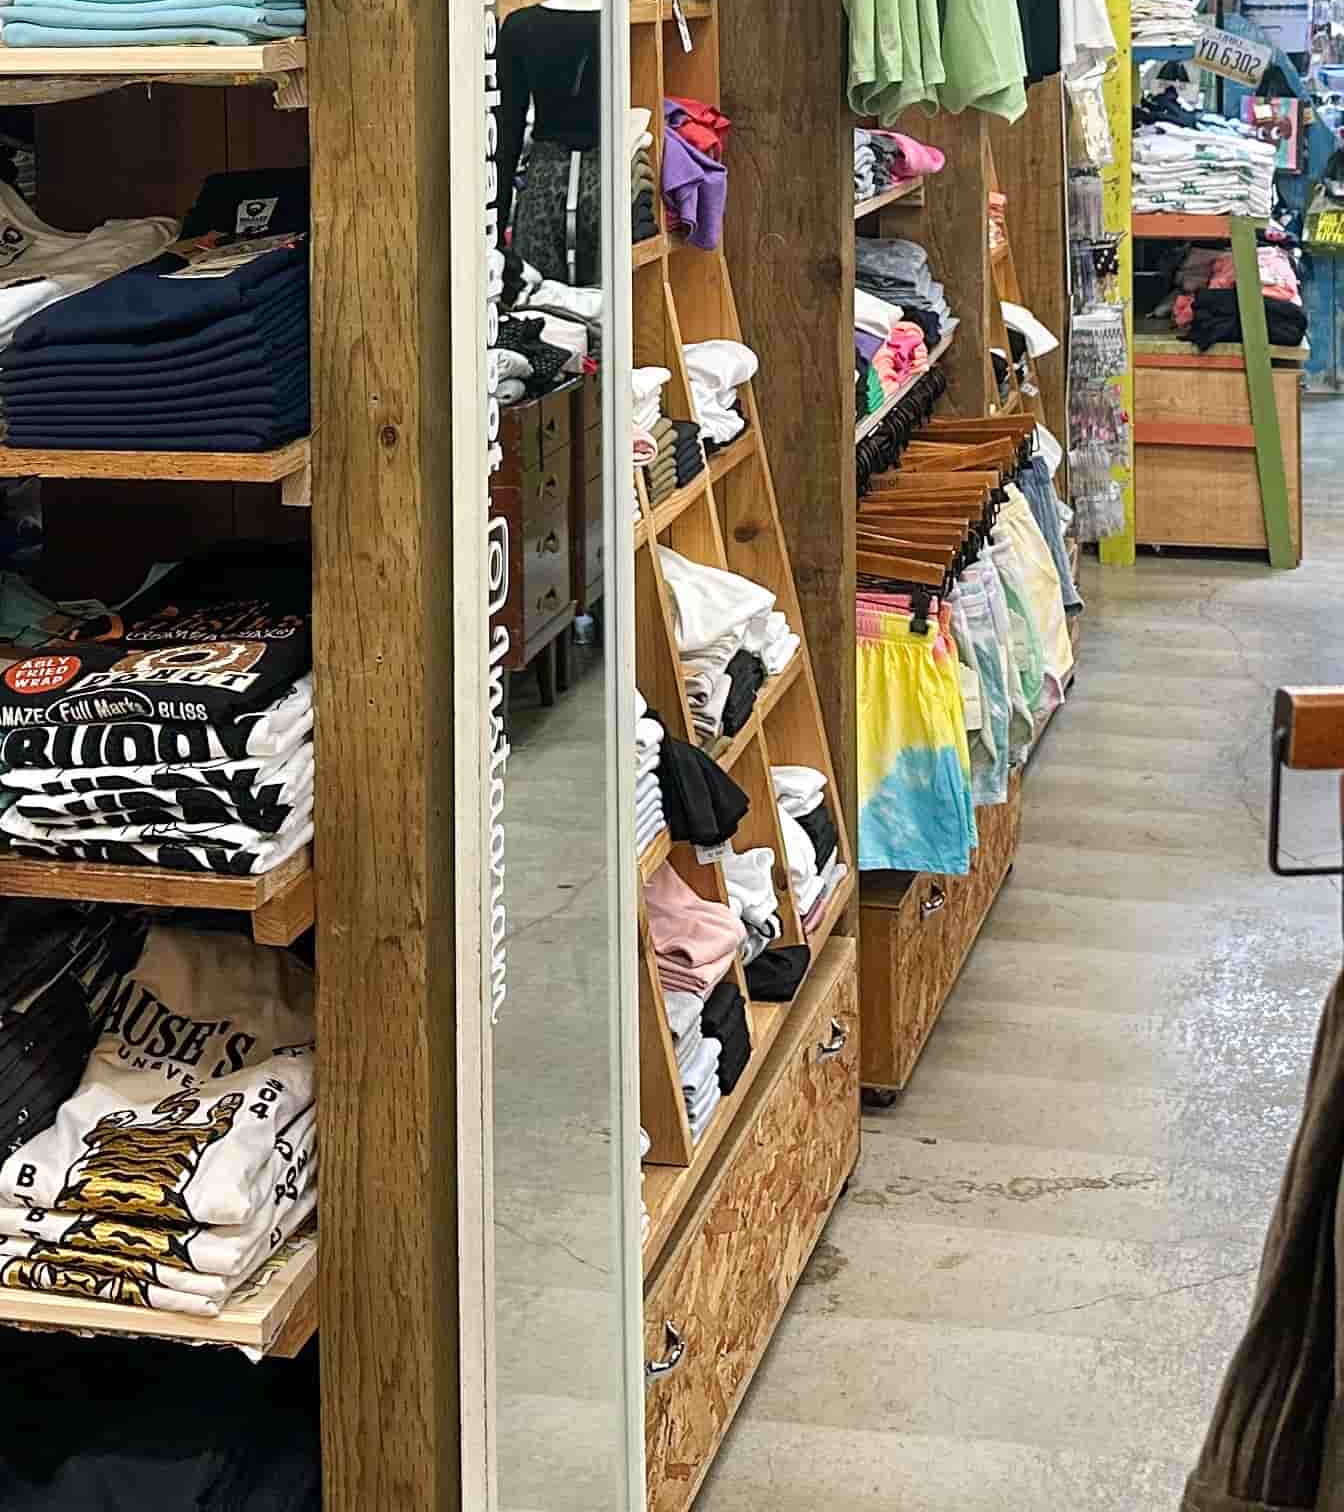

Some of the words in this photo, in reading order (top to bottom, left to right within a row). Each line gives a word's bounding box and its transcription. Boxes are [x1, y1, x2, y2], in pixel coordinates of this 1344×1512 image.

[1220, 47, 1262, 76] 6302
[14, 664, 69, 679] FRIED
[14, 675, 64, 689] WRAP
[59, 701, 90, 723] Full
[158, 701, 208, 722] BLISS

------------------------------------------------------------

- **TASK**:
Since the pictures are not wanted, copy only the text of the records above, exactly.

- **ANSWER**:
Some of the words in this photo, in reading order (top to bottom, left to right within a row). Each line gives a word's bounding box and its transcription. Boxes are [x1, y1, x2, y2], in pixel coordinates of this 1344×1512 image.

[1220, 47, 1262, 76] 6302
[14, 664, 69, 679] FRIED
[14, 675, 64, 689] WRAP
[59, 701, 90, 723] Full
[158, 701, 208, 722] BLISS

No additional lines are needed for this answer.